◆ Exercise input ◆
- Opening Delimiter -

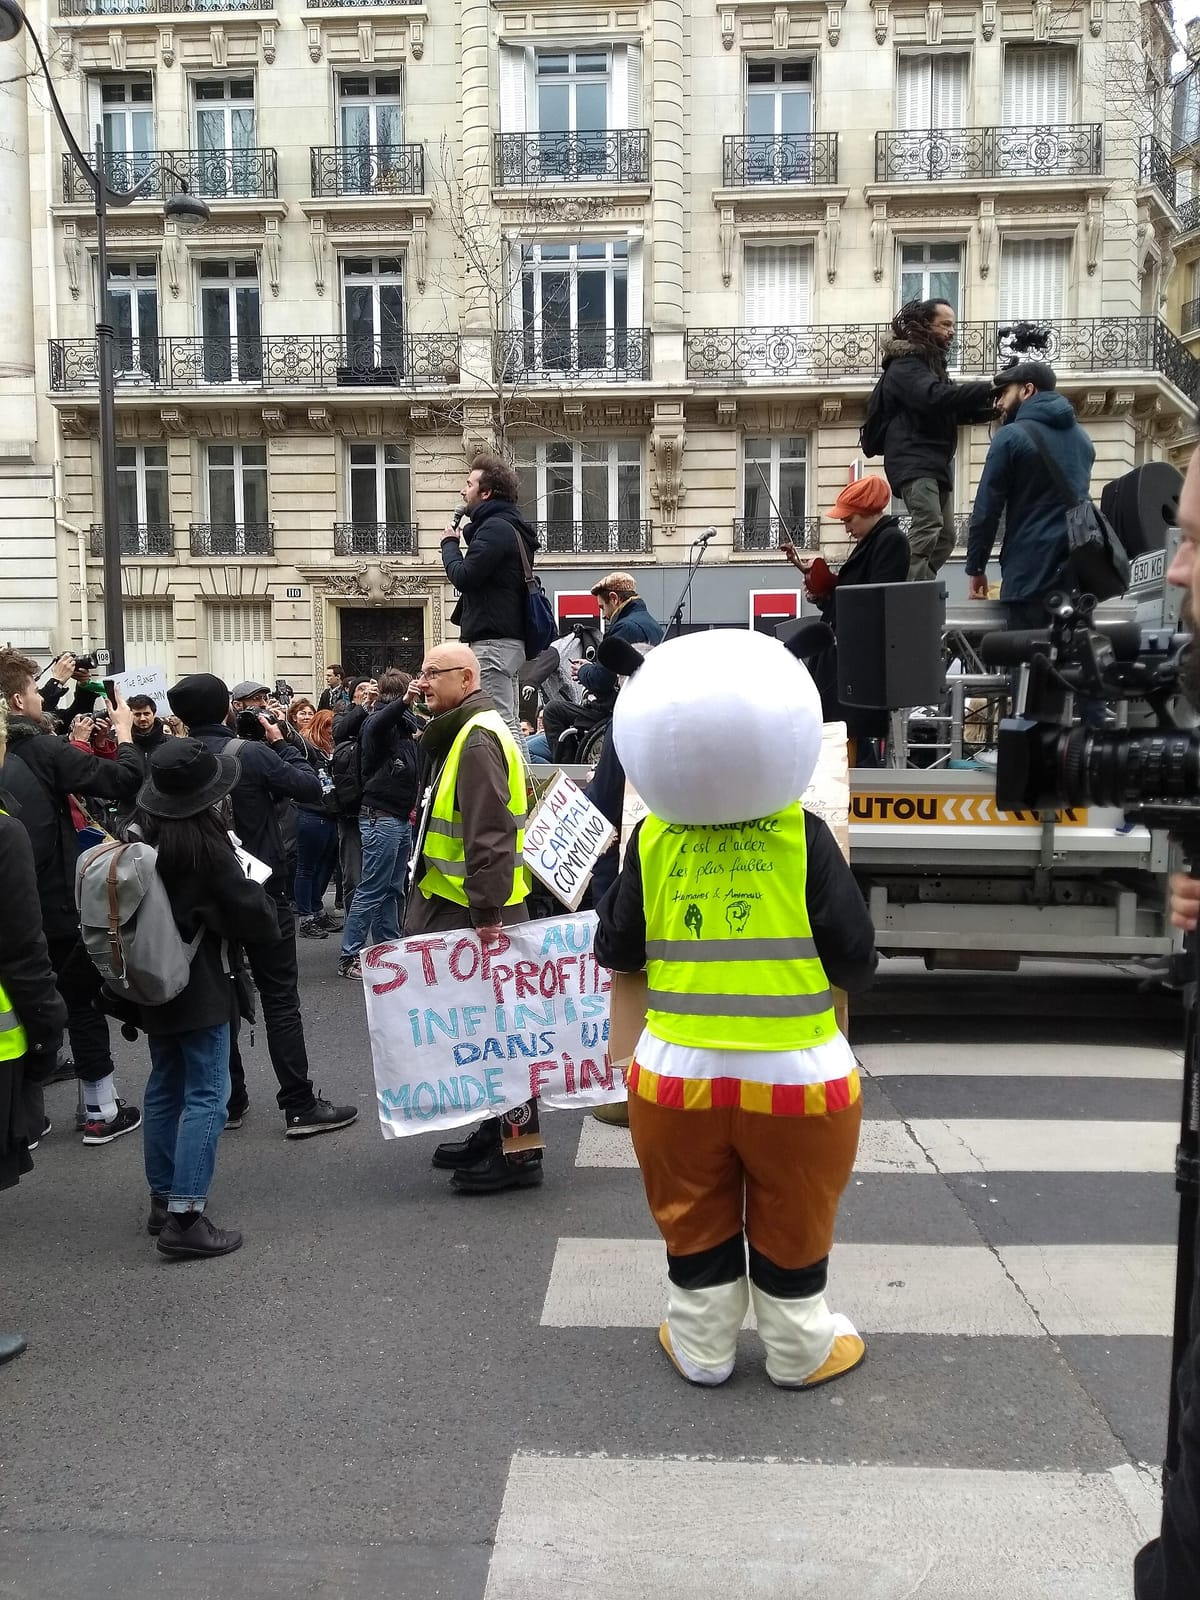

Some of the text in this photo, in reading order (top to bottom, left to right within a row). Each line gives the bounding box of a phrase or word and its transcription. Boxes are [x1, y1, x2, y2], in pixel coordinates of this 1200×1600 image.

[1151, 557, 1162, 577] KG
[522, 819, 551, 857] NON
[550, 789, 568, 817] AU
[848, 797, 937, 820] UTOU
[696, 861, 725, 884] plus
[729, 856, 774, 882] faibles
[365, 933, 512, 997] STOP
[453, 1031, 556, 1067] DANS
[380, 1067, 507, 1121] MONDE

- Closing Delimiter -

◆ The problem ◆
Print all data above verbatim, except pictures.

◆ Output of the task ◆
Some of the text in this photo, in reading order (top to bottom, left to right within a row). Each line gives the bounding box of a phrase or word and its transcription. Boxes are [x1, y1, x2, y2], in pixel coordinates of this 1200×1600 image.

[1151, 557, 1162, 577] KG
[522, 819, 551, 857] NON
[550, 789, 568, 817] AU
[848, 797, 937, 820] UTOU
[696, 861, 725, 884] plus
[729, 856, 774, 882] faibles
[365, 933, 512, 997] STOP
[453, 1031, 556, 1067] DANS
[380, 1067, 507, 1121] MONDE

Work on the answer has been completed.